Observatório Psicanalítico – OP 441/2023

Ensaios sobre acontecimentos sociopolíticos, culturais e institucionais do Brasil e do Mundo 

O Anátema: Israel-Palestina-Gaza

Miguel Sayad (SBPRJ)

Face a matança anunciada e televisiva, arrastando grandes audiências e muitos apoios, fico tão envolvido que perco, espero que não morra, minha capacidade de pensar com calma e tranquilidade e, como uma criança que brinca, escrever.

Tomemos como elemento comum à busca de conhecimento, “a curiosidade como forma intelectual mínima”, levantemos cada “frase como um tapete: ver o que está lá escondido”, proponhamo-nos a se for o caso, “mudar de posição para confirmar o que deslizou há séculos para debaixo dos móveis”, “talvez pó ou talvez o decisivo”. Vamos “vasculhar a língua para encontrar aquilo que é capaz de provocar uma interrupção dos hábitos . . .” (1)

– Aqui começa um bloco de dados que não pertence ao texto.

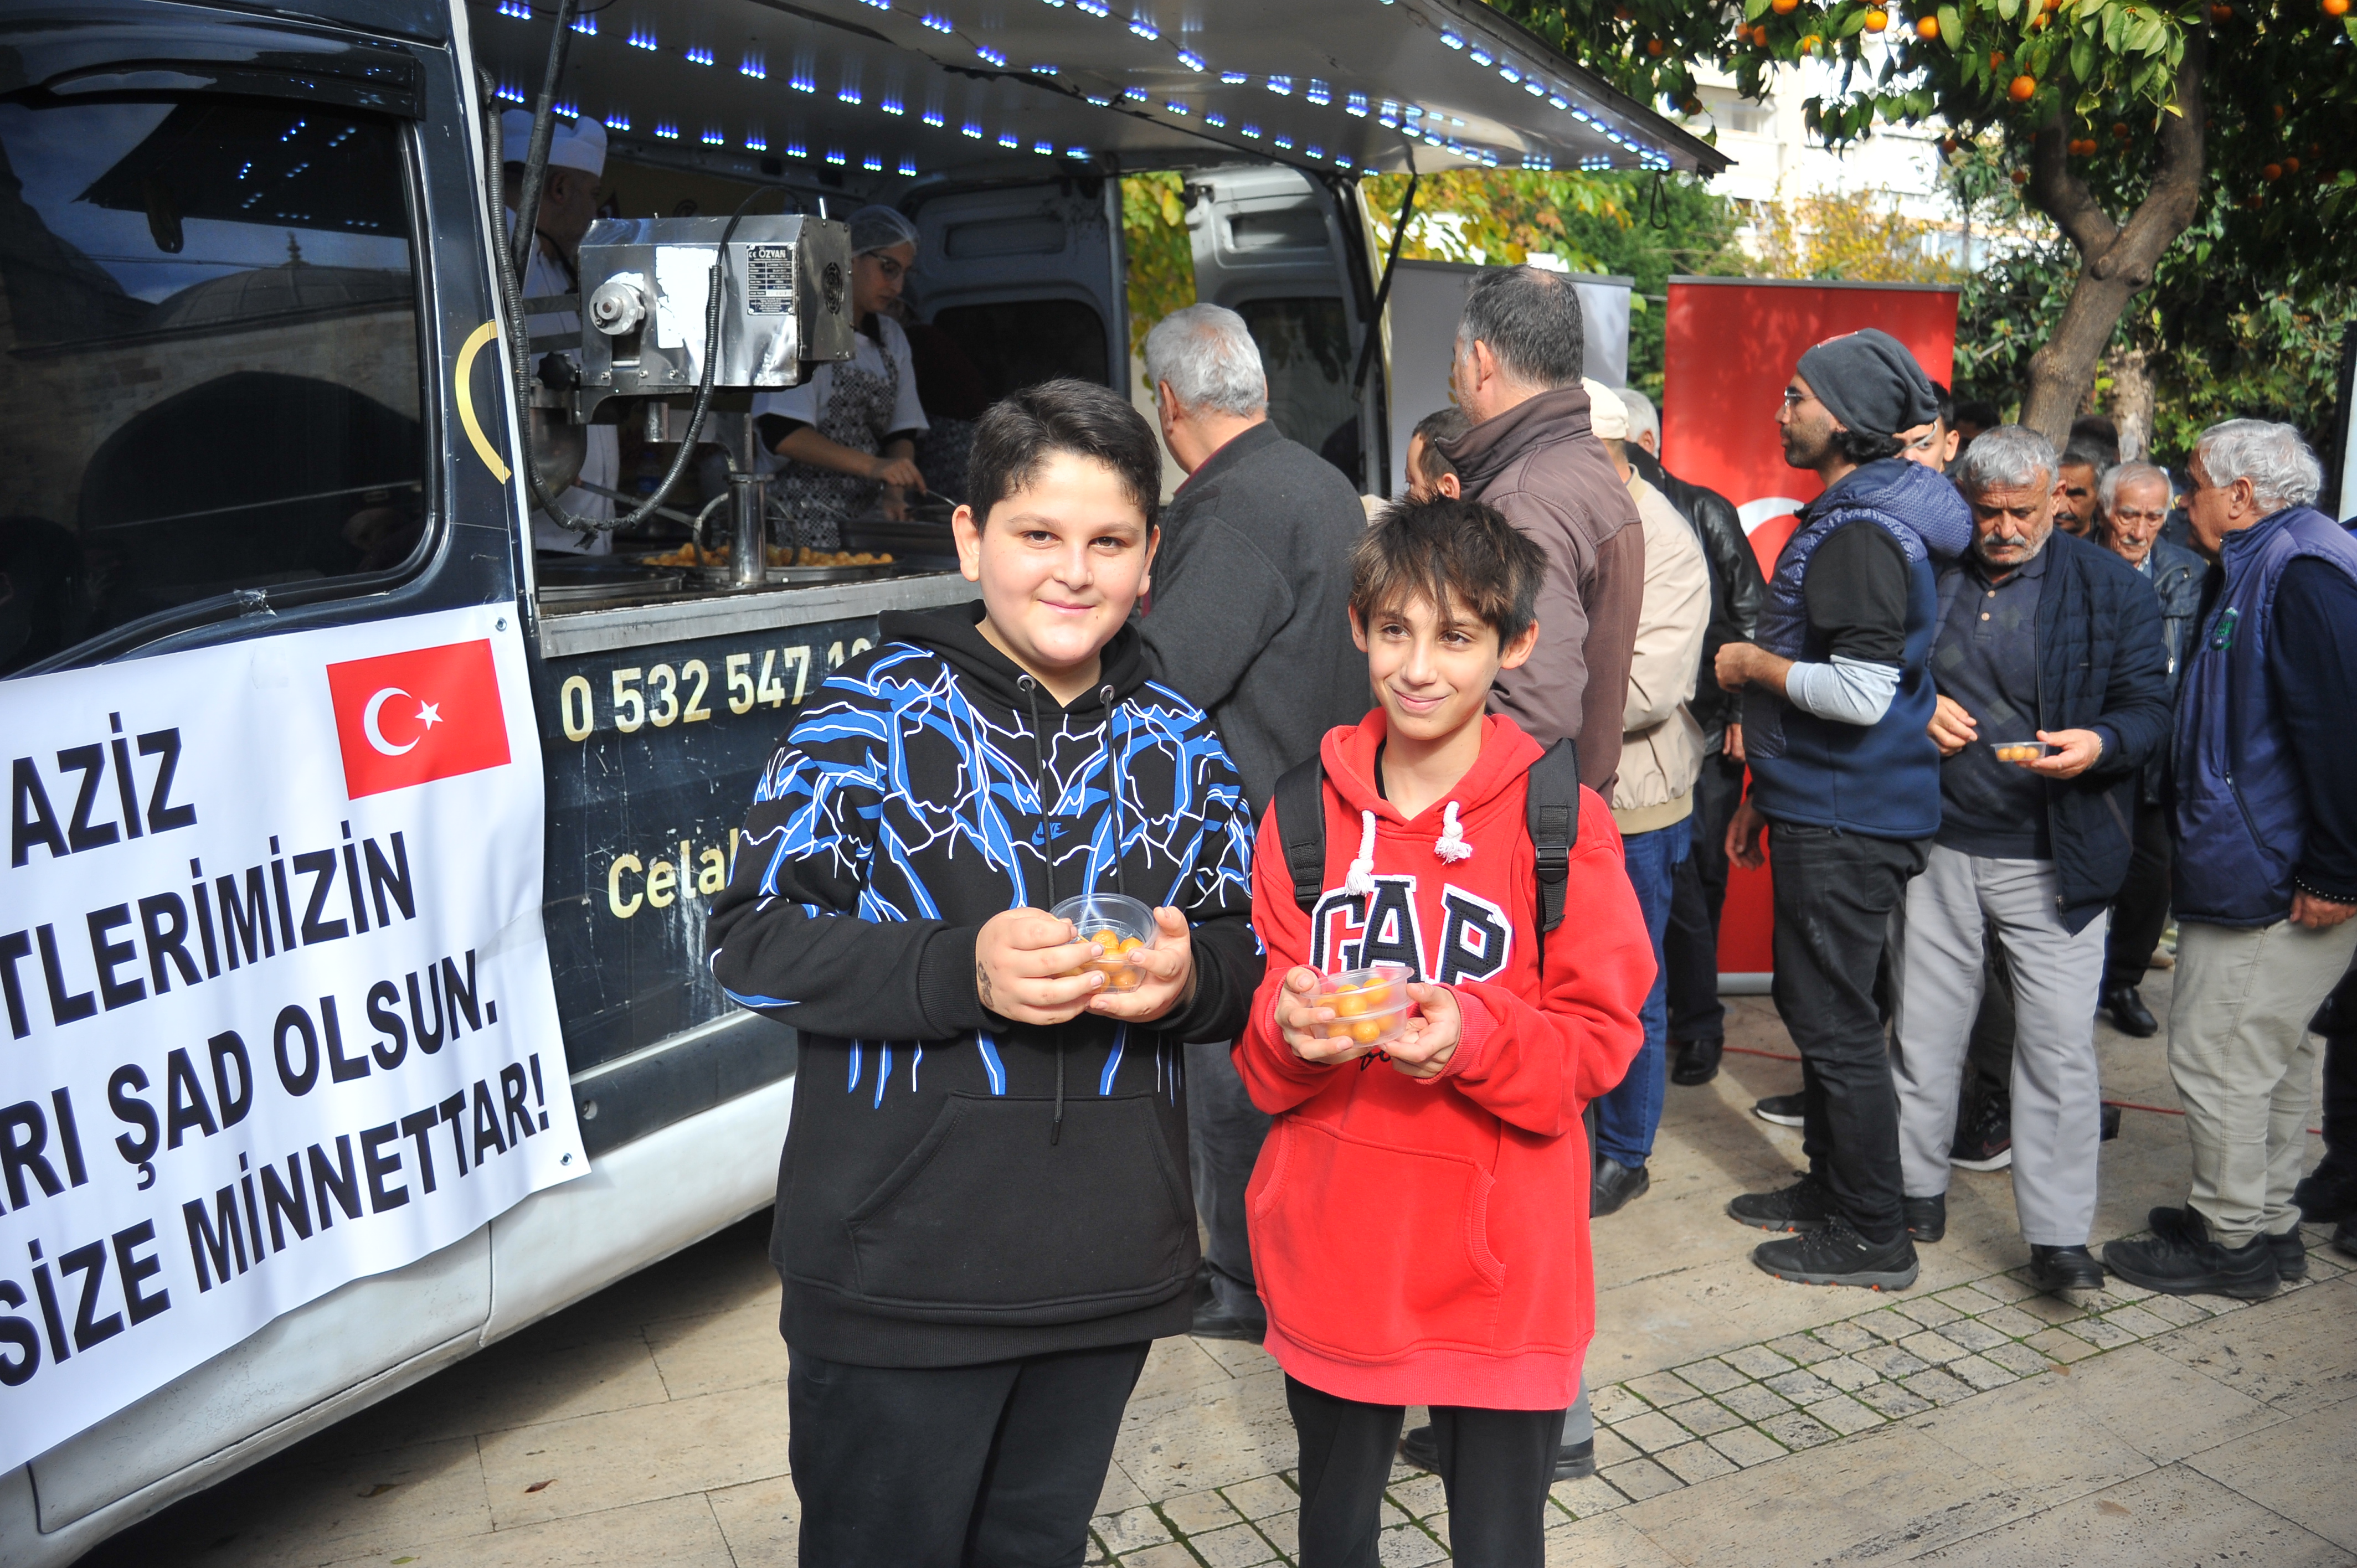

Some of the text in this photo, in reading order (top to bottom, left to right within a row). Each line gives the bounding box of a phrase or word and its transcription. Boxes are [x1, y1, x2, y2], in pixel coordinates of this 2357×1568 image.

[561, 675, 594, 742] 0
[613, 659, 711, 733] 532
[726, 645, 811, 714] 547
[12, 711, 197, 869] AZİZ
[0, 820, 416, 1040] TLERİMİZİN
[1309, 874, 1512, 986] GAP
[0, 948, 498, 1217] RI ŞAD OLSUN.
[0, 1053, 549, 1387] SİZE MİNNETTAR!
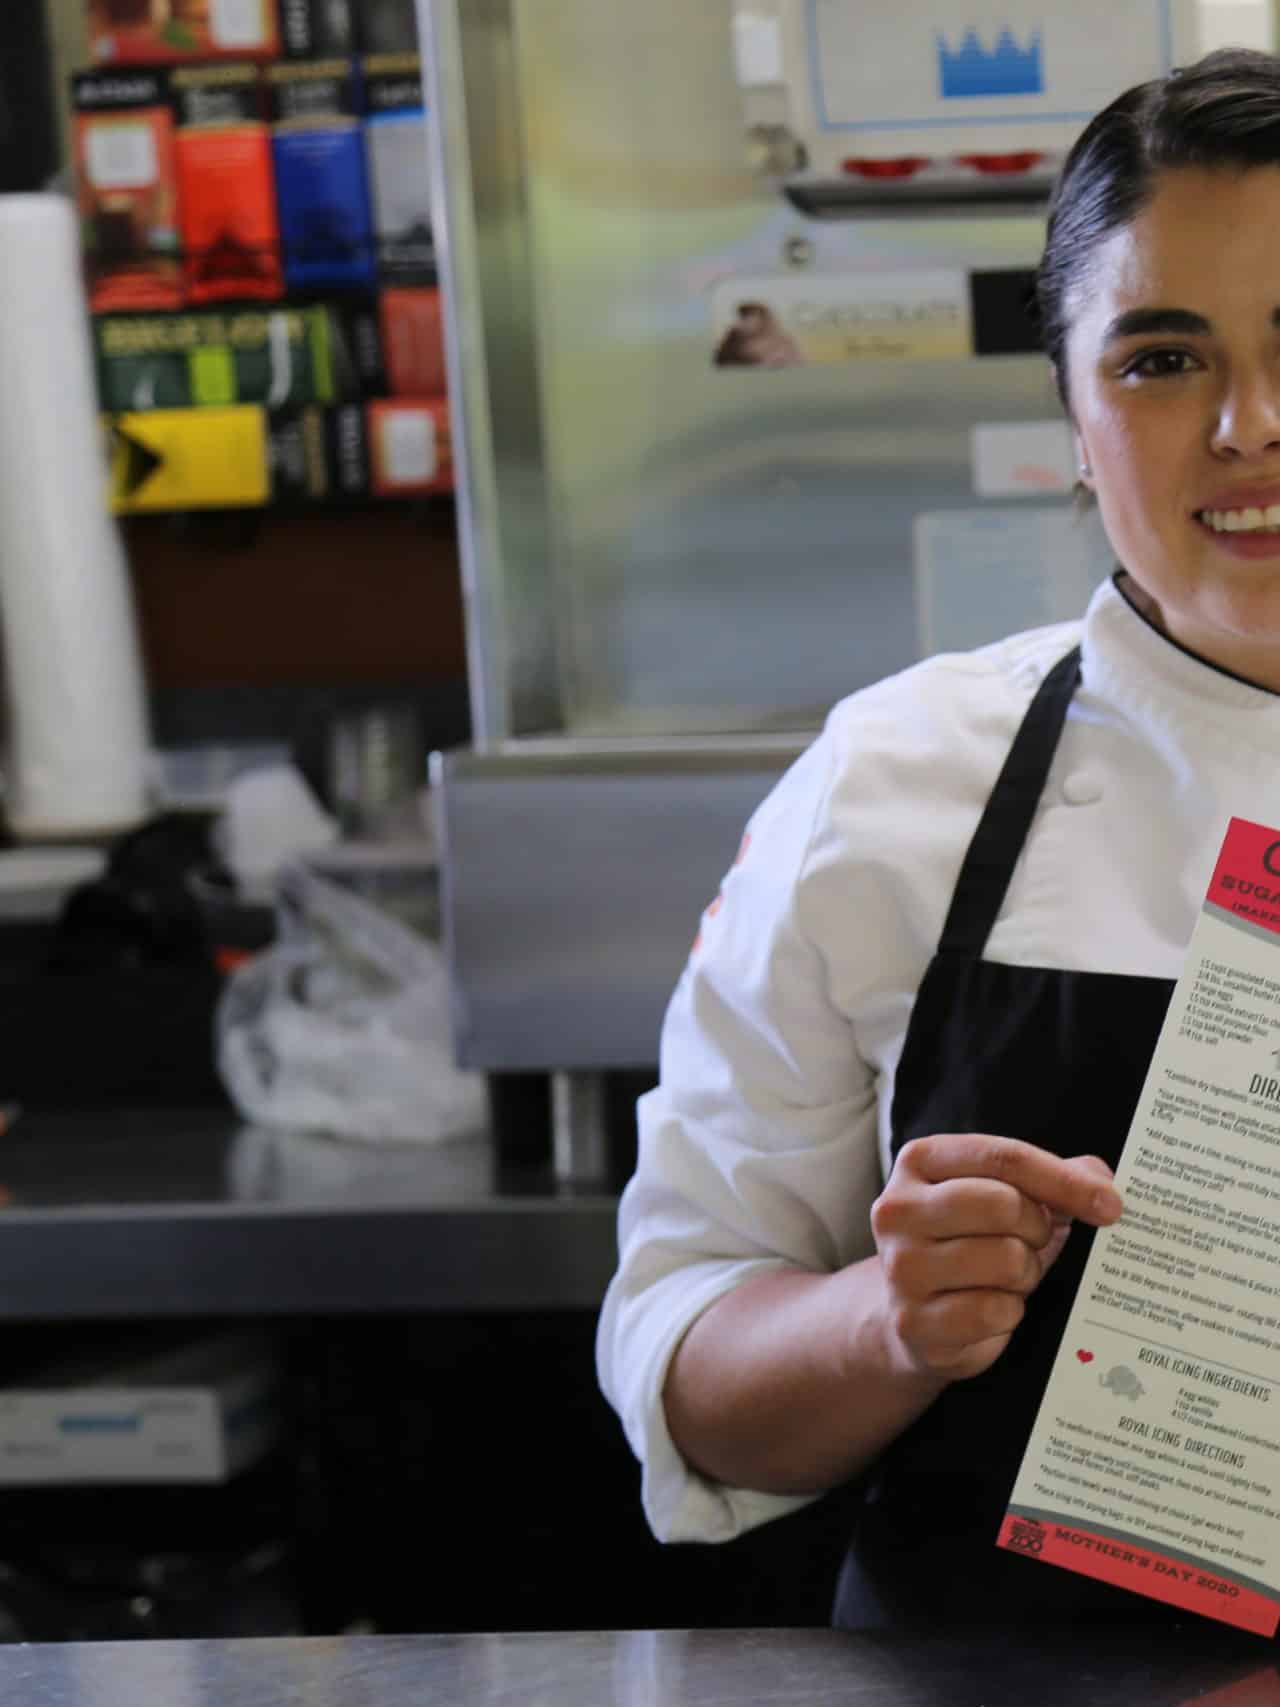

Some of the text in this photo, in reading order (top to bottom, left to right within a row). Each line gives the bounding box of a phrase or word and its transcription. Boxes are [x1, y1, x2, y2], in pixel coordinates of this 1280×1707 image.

 “Nós sabemos que reduzir a divisão social e a projeção do ódio são importantes mecanismos para a coesão social. Isto requer encontrarmos meios para implementar a difícil tarefa de ouvir o outro, seja ele estranho ou mesmo inimigo. Foi Freud que abordou como este “estranho” é, de fato, alguém que representa uma não desejada e escondida parte de nós mesmos…” (2)

Conversa difícil: ânimos exaltados e posições extremadas definidas com certezas. Conversas de vida ou morte. Terrorismo e matança de inocentes. Destruição de cidades e seus habitantes.                           

Aqui vale muito a advertência de Hanna Arendt (3) de que o não-pensamento viabiliza o crime, embora pensar, acrescento eu, também pode ser perigoso para crenças e verdades arraigadas.

Violência e Terror – Israelenses e Palestinos

Eu e nós condenamos veementemente e ficamos horrorizados, preocupados, tristes e solidários com o sofrimento dos israelenses resultado da ação sádica e do inadmissível ataque à população civil de Israel, perpetrada por forças da resistência palestina, o Hamas, sem dúvidas por meio de ações terroristas. 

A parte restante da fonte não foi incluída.